Family planning funding has a substantial impact on future expenditures for both the public and private sectors. It is estimated that there is a $4 savings in short-term public funding costs in medical care for every $1 spent to prevent unintended pregnancy [8]. Using 2010 Title X data, the Guttmacher Institute calculated that the average cost for a Medicaid-covered birth was $12,770, whereas one year of Title X clinic provided contraception was $269 per client [2]. The return is similar for private providers. However, in the United States, public support for providing the full range of reproductive health care services, including contraception, reproductive health related counseling, and cancer screenings remains a challenge.

The Title X program

Title X of the Public Health Service Act provides funding for the provision of family planning services, which include various sexual and reproductive health services, including contraception [16]. It is the only federal grant program focused entirely on providing comprehensive family planning and related preventive health services, with priority given to low-income persons [16]. Questions have been presented about the necessity of Title X programs since the passage of the ACA, which has increased the number of insured persons and overall access to health services.

The Title X program is administered by the Office of Population Affairs (OPA) under the U.S. Department of Health and Human Services. They serve around 4 million clients annually through various service sites, including state, county, and local health departments.

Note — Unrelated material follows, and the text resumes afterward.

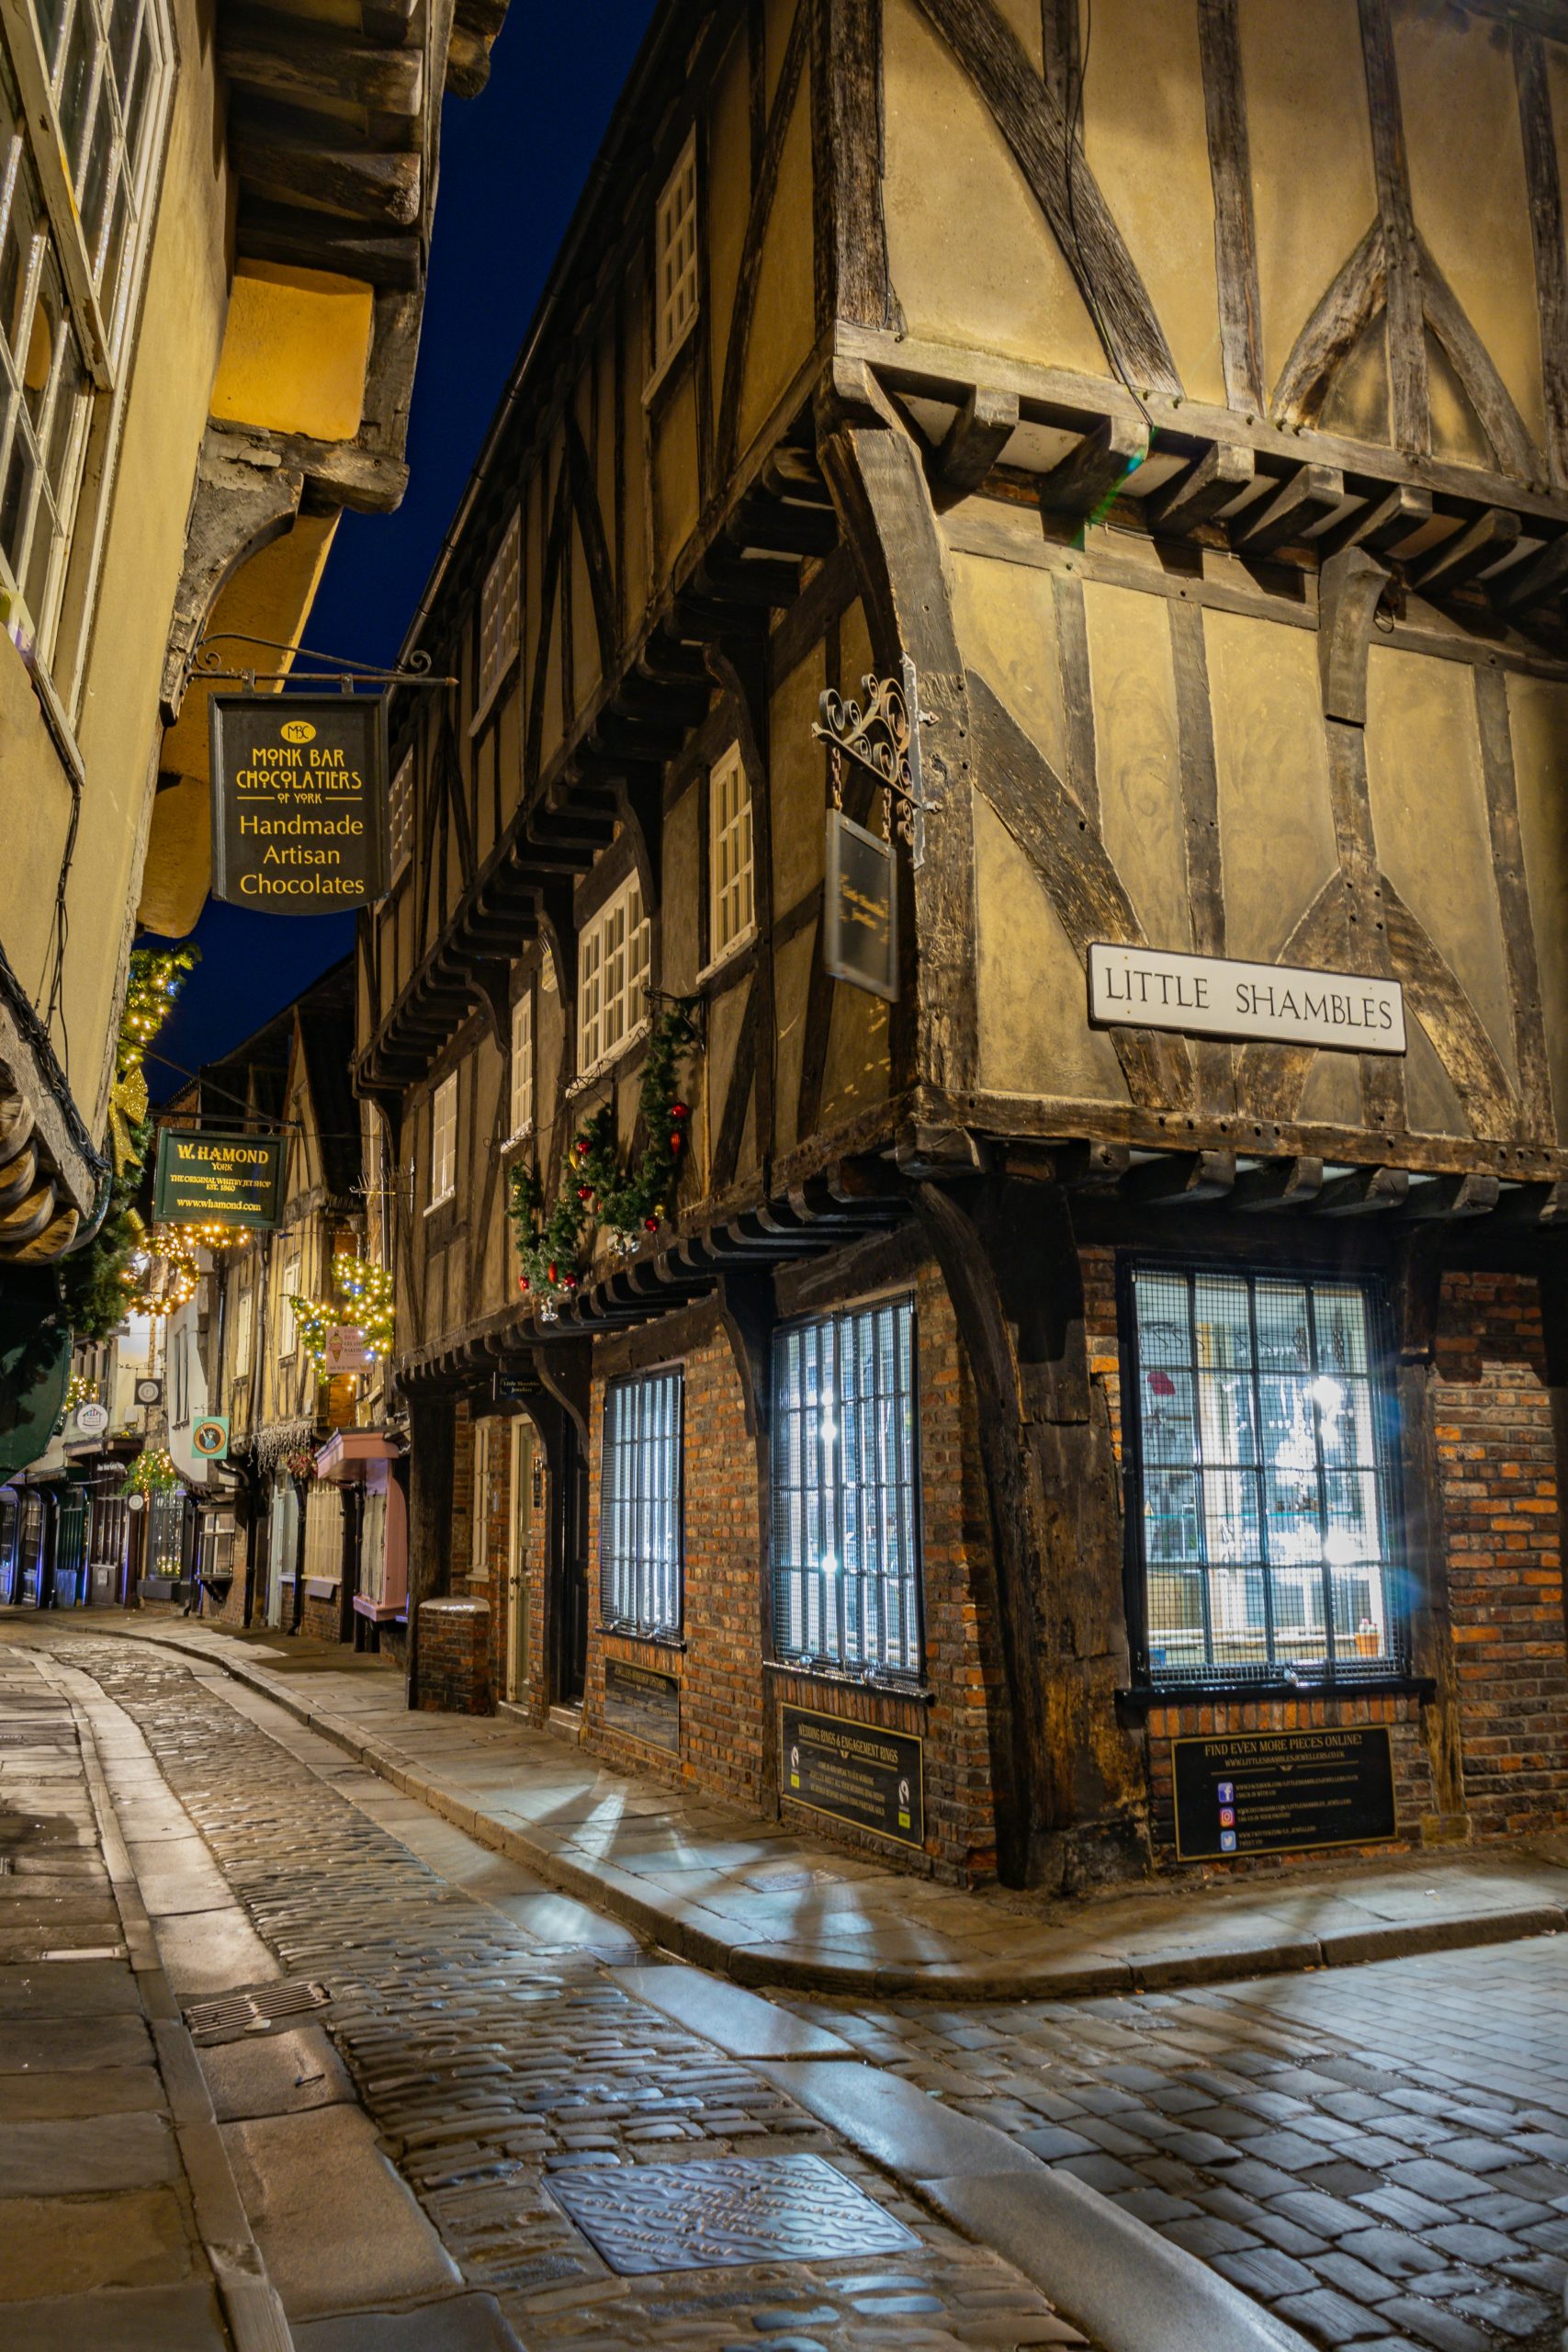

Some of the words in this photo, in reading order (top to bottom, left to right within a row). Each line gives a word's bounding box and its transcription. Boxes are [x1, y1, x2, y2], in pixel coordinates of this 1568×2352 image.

Community health centers, Planned Parenthood centers, other hospital, school, and faith- based programs, and private nonprofits also are among the Title X grantees (Office of Population Affairs 2015).

Research clearly shows health disparities related to sexual and reproductive health for low-income and women of color [5] and Title X programs have been successful at providing needed services to these populations. In addition, Title X clinics help Medicaid-eligible patients with enrollment and help other patients enroll in exchanges, which help to increase health care access. Title X staff are specifically trained in meeting the needs of vulnerable populations, like individuals with limited English proficiency, teenagers, and those confronting complex medical and personal issues such as substance abuse, disability, homelessness or intimate partner violence [16]. Title X funding goes toward supporting this infrastructure, such as personnel training, community education, and other such services [10].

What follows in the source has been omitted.